Paying for wildfires
Bankruptcy won’t make PG&E’s long-term wildfire problem—or its costs—go away
Bankruptcy won't make PG&E's long-term wildfire problem—or its costs—go away
U.S. Bankruptcy Court
Facing a cash flow problem stemming from recent wildfire liabilities, PG&E will reorganize its gas and electric business under Chapter 11. The move, which could take two years, would let the utility continue service for 16 million Californians, but could reduce wildfire victims’ claims.

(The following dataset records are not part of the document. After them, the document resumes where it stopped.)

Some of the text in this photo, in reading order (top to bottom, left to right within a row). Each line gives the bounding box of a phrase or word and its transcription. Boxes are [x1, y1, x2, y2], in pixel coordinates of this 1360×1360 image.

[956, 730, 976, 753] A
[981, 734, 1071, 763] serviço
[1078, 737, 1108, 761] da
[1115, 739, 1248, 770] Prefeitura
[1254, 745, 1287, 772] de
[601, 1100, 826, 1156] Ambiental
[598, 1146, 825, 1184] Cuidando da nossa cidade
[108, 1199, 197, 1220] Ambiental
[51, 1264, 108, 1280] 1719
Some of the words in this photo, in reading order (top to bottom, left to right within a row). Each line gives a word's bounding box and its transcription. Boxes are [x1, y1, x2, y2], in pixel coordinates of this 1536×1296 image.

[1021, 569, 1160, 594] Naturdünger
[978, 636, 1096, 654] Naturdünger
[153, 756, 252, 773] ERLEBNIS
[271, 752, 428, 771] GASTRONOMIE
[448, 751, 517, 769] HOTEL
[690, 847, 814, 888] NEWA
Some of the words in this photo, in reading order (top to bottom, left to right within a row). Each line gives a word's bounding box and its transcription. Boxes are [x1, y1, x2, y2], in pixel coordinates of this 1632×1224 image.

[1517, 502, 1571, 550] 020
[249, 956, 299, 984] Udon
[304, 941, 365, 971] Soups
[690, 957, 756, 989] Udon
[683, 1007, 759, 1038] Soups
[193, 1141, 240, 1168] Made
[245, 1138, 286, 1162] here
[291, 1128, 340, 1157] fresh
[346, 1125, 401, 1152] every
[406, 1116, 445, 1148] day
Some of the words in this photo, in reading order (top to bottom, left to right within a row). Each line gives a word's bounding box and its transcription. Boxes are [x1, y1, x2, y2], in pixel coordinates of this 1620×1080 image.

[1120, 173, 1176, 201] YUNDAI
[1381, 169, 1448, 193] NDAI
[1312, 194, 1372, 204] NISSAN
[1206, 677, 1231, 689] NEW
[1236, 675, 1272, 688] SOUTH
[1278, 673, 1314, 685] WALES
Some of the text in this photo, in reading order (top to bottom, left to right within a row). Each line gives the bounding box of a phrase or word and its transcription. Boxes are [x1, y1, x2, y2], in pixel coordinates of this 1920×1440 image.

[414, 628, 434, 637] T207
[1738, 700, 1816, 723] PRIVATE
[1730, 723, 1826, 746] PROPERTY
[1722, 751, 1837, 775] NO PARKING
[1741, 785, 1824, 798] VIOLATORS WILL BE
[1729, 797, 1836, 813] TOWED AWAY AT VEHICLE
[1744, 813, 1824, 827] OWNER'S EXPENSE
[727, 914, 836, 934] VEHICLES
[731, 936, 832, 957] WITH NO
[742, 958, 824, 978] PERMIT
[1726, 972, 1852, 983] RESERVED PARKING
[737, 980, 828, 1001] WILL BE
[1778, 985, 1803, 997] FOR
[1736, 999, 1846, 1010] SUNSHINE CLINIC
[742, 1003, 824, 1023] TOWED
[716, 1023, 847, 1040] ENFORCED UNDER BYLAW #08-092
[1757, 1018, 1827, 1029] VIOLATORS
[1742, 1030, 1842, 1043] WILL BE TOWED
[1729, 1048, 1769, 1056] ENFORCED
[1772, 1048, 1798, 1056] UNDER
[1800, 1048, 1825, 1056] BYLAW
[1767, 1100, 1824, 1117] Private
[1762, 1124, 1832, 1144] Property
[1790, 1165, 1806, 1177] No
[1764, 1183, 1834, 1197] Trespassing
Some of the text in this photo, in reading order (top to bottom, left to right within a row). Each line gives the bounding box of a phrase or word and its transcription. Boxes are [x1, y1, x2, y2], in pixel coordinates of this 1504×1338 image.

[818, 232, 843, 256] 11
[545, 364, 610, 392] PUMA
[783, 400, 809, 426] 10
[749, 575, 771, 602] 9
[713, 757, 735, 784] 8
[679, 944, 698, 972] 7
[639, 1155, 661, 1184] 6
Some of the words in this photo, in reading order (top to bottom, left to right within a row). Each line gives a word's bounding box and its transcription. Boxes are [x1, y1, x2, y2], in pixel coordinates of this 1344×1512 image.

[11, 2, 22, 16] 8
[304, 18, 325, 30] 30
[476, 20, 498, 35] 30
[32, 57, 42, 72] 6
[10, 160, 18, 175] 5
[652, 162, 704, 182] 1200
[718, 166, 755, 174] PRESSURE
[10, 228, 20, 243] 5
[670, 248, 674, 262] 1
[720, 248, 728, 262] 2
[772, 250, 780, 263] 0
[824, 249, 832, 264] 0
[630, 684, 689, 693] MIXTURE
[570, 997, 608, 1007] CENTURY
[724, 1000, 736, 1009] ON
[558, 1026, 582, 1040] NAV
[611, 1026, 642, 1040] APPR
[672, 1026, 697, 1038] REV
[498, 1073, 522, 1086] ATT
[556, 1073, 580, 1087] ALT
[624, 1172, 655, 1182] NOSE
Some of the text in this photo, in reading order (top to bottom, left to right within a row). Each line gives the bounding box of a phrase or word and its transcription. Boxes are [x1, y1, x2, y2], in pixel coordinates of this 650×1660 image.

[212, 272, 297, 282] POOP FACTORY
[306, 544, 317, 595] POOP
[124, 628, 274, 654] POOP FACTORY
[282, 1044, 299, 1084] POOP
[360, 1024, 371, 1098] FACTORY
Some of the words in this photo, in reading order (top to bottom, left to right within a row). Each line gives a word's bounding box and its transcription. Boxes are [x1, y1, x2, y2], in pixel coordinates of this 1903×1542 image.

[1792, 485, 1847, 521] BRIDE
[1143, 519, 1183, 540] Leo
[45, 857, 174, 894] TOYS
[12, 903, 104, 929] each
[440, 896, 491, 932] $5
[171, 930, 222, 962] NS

California Public Utilities Commission
The state regulator will need to sign off on any potential bankruptcy settlement. That means the commission will shape PG&E as it emerges from bankruptcy, perhaps as a new company, broken up, sold off or turned into municipal agencies. Most important, the commission decides when PG&E can pass liability costs to customers as ever more destructive wildfires arise from climate change.
California Legislature
State lawmakers can help loosen fire liability laws, but should they? Despite intense lobbying last year, PG&E failed to change strict rules that make utilities responsible for wildfire damage traced to their equipment. Instead, lawmakers carved a path for utilities to spread out some of their massive liabilities to consumers. The Legislature could allow more liabilities to be passed on as bankruptcy proceeds.
California Supreme Court
Under a legal doctrine called “inverse condemnation,” utilities are liable for any wildfire damage traced to their equipment even if they were not negligent. Unless the high court issues a different interpretation or voters approve a constitutional amendment, releasing utilities from this financial responsibility is out of the question.